Con tanta alegría recolectábamos limones frescos del huerto de mi abuelo, jitomates, chiles anchos y cebollita verde. Más tarde ibamos todos a traer la fruta: Papaya, naranjas, sandía, limas, mangos y cacahuates. Mis padres juntaban todos los huevos frescos del gallinero. El abuelo ordeñaba sus dos cabras en el corral y todos tomábamos la leche tibia, recién ordeñada, así natural, sin hervir, qué suculento manjar, hasta espuma se nos quedaba en la boca.
La alacena estaba lista para recibir la semana santa. El miércoles justo a las 12 en punto de medio día, empezaba el ritual familiar. Todos reunidos en un pequeño altarcito familiar renovábamos los votos de amor a JESUS el CRISTO en nuestros corazones.
El abuelo con profundo recogimiento espiritual, encendía las velas que permanecerían vivas y encendidas hasta el sábado de gloria. La abuela nos enseñaba que teníamos que permanecer en el más absoluto silencio posible durante ésos días santos en que todo en casa era oración y música celestial que se escuchaba por la radio del pueblo.

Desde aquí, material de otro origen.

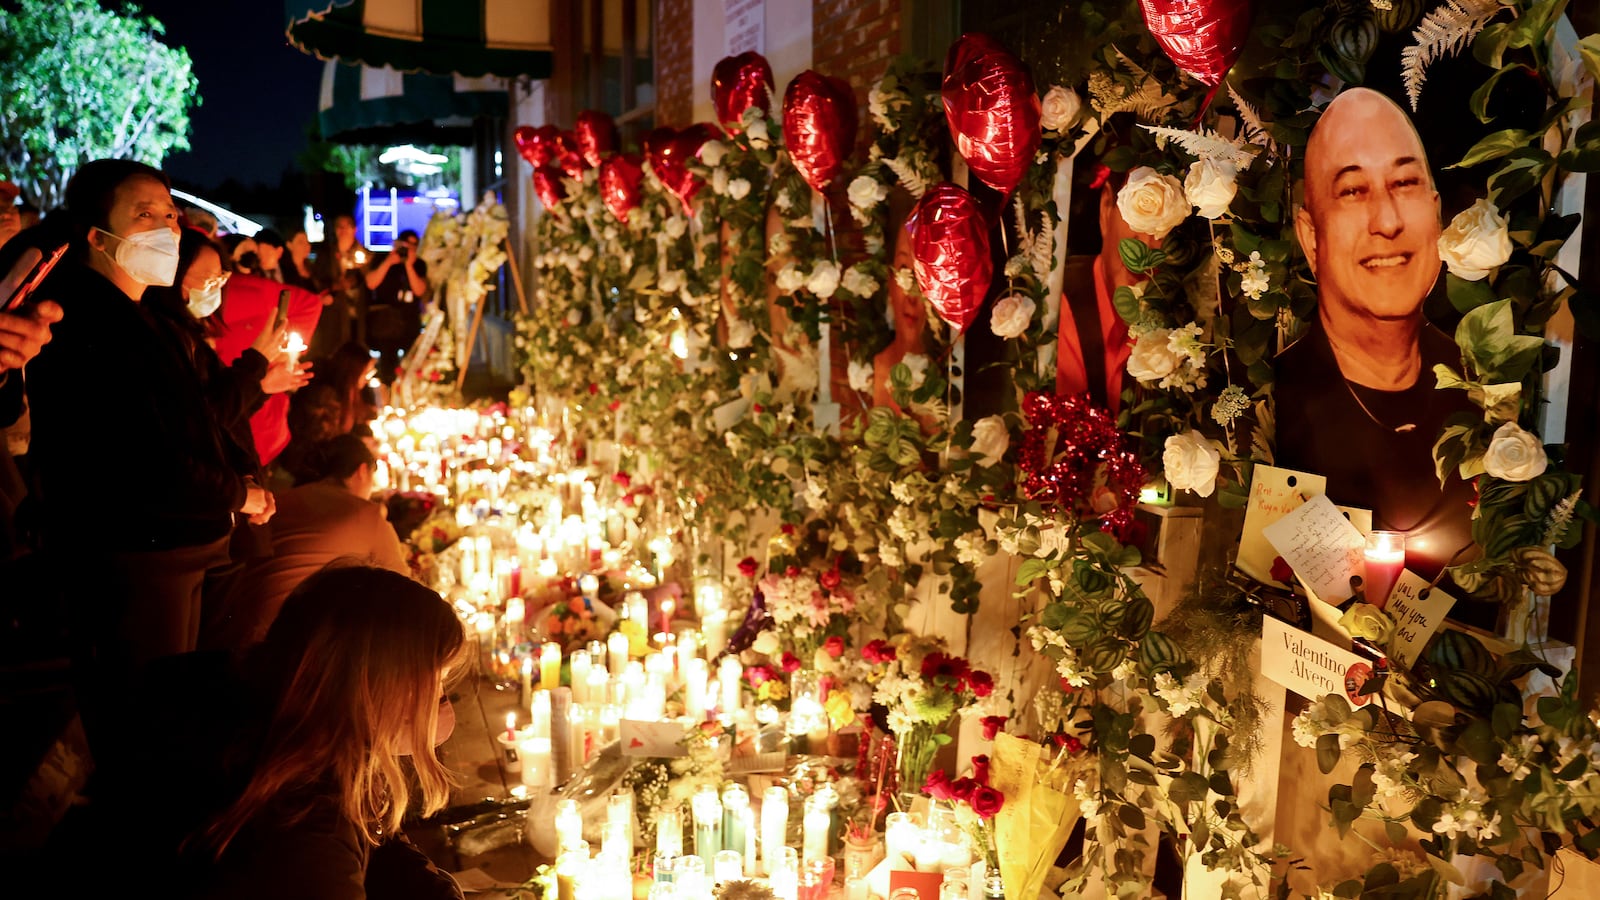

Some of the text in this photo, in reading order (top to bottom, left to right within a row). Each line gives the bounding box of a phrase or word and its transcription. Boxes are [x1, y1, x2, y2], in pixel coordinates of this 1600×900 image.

Nadie podía hacer nada, las labores domésticas habían de esperar, cada uno de nosotros recogía su plato y sus cosas, haciendo el más posible ayuno de verbo. Mi madre guardaba su costurero porque decía que cada puntada que le diera con la aguja a su costura, era como clavársela en la espalda al Señor. Mi padre permanecía todo el tiempo a nuestro lado, auxiliando a sus doce hijos en sus más elementales necesidades.
"Sus doce pequeños apostoles, nos decía él",
Yo, la mayor de todos los hijos...ayudaba a mi padre a lavar los pies a mis hermanos en señal de rememoración de la "Ceremonia de lavatorio de pies de los 12 apostoles del Señor", mi abuela encendía el incienso de rajitas de canela desmenuzadas en un carbón al rojo vivo en una pequeña charolita de metal. Mi madre extendía los manteles color púrpura para secarnos los pies.
Viernes santo: Rodeados de mi abuelo Gregorio al centro, sentado en silla preferida "La potrona", (así le llamaba), le escuchabamos todos atentos, cuando él con suprema ternura y devoción, nos contaba serenamente sobre la vida, pasión y muerte de nuestro Señor JESUS EL CRISTO. Un gallo se escuchaba cantar triste a lo lejos, y en aquel silencio la más profunda espiritualidad.
Sábado de gloria; volvía la alegría a casa, terminabamos la ceremonia tradicional familiar que nunca olvidaré, tomándonos todos de las manos para hacer una gran cadena de irradiación de amor a la humanidad.
"Que todos los seres sean felices"
"Que todos los seres sean dichosos"
"Que todos los seres sean en paz".
Nos dábamos todos un abrazo fraterno y con un aplauso muy largo y los rostros felices, terminaba para nosotros la semana santa, y El Señor, se quedaría todo el año con nosotros en casa.
Aun perdura para mí en el corazón aquel ritual hermoso de mi niñez, y ahora que ha pasado el tiempo, rodeada de mi propia familia, cada sábado de gloria, nos tomamos de la mano para continuar la tradición y decir todos en voz alta y con el corazón abierto:
¡Bendito seas por siempre Señor!
Doral.
Pensaba en mi mente infantil, que los rayos del sol, eran los caminos para llegar a Dios, no podía perderme aquel espectáculo tan maravilloso de ver al astro rey radiante, glorioso, magestuoso asomándose por la colina o colándose por las copas de los árboles.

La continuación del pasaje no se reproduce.